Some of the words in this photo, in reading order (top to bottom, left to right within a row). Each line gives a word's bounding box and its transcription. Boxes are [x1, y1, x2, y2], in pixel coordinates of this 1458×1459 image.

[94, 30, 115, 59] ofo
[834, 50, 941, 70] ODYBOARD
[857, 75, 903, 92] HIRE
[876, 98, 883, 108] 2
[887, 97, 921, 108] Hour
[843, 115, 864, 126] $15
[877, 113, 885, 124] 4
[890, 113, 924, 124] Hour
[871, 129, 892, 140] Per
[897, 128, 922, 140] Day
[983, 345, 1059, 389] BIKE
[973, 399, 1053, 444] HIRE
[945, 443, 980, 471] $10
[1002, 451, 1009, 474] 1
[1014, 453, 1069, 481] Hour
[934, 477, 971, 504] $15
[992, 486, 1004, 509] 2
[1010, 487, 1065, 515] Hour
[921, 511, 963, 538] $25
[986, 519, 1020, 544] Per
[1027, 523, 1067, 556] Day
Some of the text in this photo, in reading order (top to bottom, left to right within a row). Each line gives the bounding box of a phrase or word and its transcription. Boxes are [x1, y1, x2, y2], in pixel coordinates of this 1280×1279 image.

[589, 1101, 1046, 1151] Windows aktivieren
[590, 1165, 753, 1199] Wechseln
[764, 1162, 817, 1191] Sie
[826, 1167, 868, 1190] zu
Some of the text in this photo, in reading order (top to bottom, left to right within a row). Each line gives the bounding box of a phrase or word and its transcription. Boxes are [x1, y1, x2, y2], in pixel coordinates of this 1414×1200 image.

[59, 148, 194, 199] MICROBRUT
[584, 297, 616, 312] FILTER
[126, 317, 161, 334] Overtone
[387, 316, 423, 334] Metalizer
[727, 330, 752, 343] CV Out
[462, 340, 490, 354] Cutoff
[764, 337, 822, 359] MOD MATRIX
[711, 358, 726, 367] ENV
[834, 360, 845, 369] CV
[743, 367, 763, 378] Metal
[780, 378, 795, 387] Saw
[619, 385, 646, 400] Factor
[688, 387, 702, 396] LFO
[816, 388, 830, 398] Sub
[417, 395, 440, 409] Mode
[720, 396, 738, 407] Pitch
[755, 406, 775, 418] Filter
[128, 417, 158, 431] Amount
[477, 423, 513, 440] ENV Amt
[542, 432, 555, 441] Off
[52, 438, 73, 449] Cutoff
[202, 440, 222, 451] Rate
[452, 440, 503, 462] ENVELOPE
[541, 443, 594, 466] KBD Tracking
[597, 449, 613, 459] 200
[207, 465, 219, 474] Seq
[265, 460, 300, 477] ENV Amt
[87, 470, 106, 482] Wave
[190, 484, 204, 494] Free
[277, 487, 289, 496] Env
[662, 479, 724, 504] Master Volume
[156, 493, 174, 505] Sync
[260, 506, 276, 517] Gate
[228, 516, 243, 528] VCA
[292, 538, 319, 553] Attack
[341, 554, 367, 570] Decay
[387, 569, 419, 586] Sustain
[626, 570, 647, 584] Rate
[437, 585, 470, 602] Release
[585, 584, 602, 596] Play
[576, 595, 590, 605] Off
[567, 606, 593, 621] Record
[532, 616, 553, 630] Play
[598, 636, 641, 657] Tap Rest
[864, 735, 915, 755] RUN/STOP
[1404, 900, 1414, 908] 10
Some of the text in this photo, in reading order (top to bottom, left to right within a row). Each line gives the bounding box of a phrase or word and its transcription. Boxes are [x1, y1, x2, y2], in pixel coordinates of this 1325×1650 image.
--
### Work instructions
The entries need to be set down again in full, with no word changed.

### Final answer
Some of the words in this photo, in reading order (top to bottom, left to right within a row). Each line gives a word's bounding box and its transcription. Boxes are [x1, y1, x2, y2], in pixel coordinates of this 1458×1459 image.

[94, 30, 115, 59] ofo
[834, 50, 941, 70] ODYBOARD
[857, 75, 903, 92] HIRE
[876, 98, 883, 108] 2
[887, 97, 921, 108] Hour
[843, 115, 864, 126] $15
[877, 113, 885, 124] 4
[890, 113, 924, 124] Hour
[871, 129, 892, 140] Per
[897, 128, 922, 140] Day
[983, 345, 1059, 389] BIKE
[973, 399, 1053, 444] HIRE
[945, 443, 980, 471] $10
[1002, 451, 1009, 474] 1
[1014, 453, 1069, 481] Hour
[934, 477, 971, 504] $15
[992, 486, 1004, 509] 2
[1010, 487, 1065, 515] Hour
[921, 511, 963, 538] $25
[986, 519, 1020, 544] Per
[1027, 523, 1067, 556] Day
Some of the text in this photo, in reading order (top to bottom, left to right within a row). Each line gives the bounding box of a phrase or word and its transcription. Boxes are [x1, y1, x2, y2], in pixel coordinates of this 1280×1279 image.

[589, 1101, 1046, 1151] Windows aktivieren
[590, 1165, 753, 1199] Wechseln
[764, 1162, 817, 1191] Sie
[826, 1167, 868, 1190] zu
Some of the text in this photo, in reading order (top to bottom, left to right within a row). Each line gives the bounding box of a phrase or word and its transcription. Boxes are [x1, y1, x2, y2], in pixel coordinates of this 1414×1200 image.

[59, 148, 194, 199] MICROBRUT
[584, 297, 616, 312] FILTER
[126, 317, 161, 334] Overtone
[387, 316, 423, 334] Metalizer
[727, 330, 752, 343] CV Out
[462, 340, 490, 354] Cutoff
[764, 337, 822, 359] MOD MATRIX
[711, 358, 726, 367] ENV
[834, 360, 845, 369] CV
[743, 367, 763, 378] Metal
[780, 378, 795, 387] Saw
[619, 385, 646, 400] Factor
[688, 387, 702, 396] LFO
[816, 388, 830, 398] Sub
[417, 395, 440, 409] Mode
[720, 396, 738, 407] Pitch
[755, 406, 775, 418] Filter
[128, 417, 158, 431] Amount
[477, 423, 513, 440] ENV Amt
[542, 432, 555, 441] Off
[52, 438, 73, 449] Cutoff
[202, 440, 222, 451] Rate
[452, 440, 503, 462] ENVELOPE
[541, 443, 594, 466] KBD Tracking
[597, 449, 613, 459] 200
[207, 465, 219, 474] Seq
[265, 460, 300, 477] ENV Amt
[87, 470, 106, 482] Wave
[190, 484, 204, 494] Free
[277, 487, 289, 496] Env
[662, 479, 724, 504] Master Volume
[156, 493, 174, 505] Sync
[260, 506, 276, 517] Gate
[228, 516, 243, 528] VCA
[292, 538, 319, 553] Attack
[341, 554, 367, 570] Decay
[387, 569, 419, 586] Sustain
[626, 570, 647, 584] Rate
[437, 585, 470, 602] Release
[585, 584, 602, 596] Play
[576, 595, 590, 605] Off
[567, 606, 593, 621] Record
[532, 616, 553, 630] Play
[598, 636, 641, 657] Tap Rest
[864, 735, 915, 755] RUN/STOP
[1404, 900, 1414, 908] 10
Some of the text in this photo, in reading order (top to bottom, left to right within a row). Each line gives the bounding box of a phrase or word and its transcription. Boxes are [x1, y1, x2, y2], in pixel coordinates of this 1325×1650 image.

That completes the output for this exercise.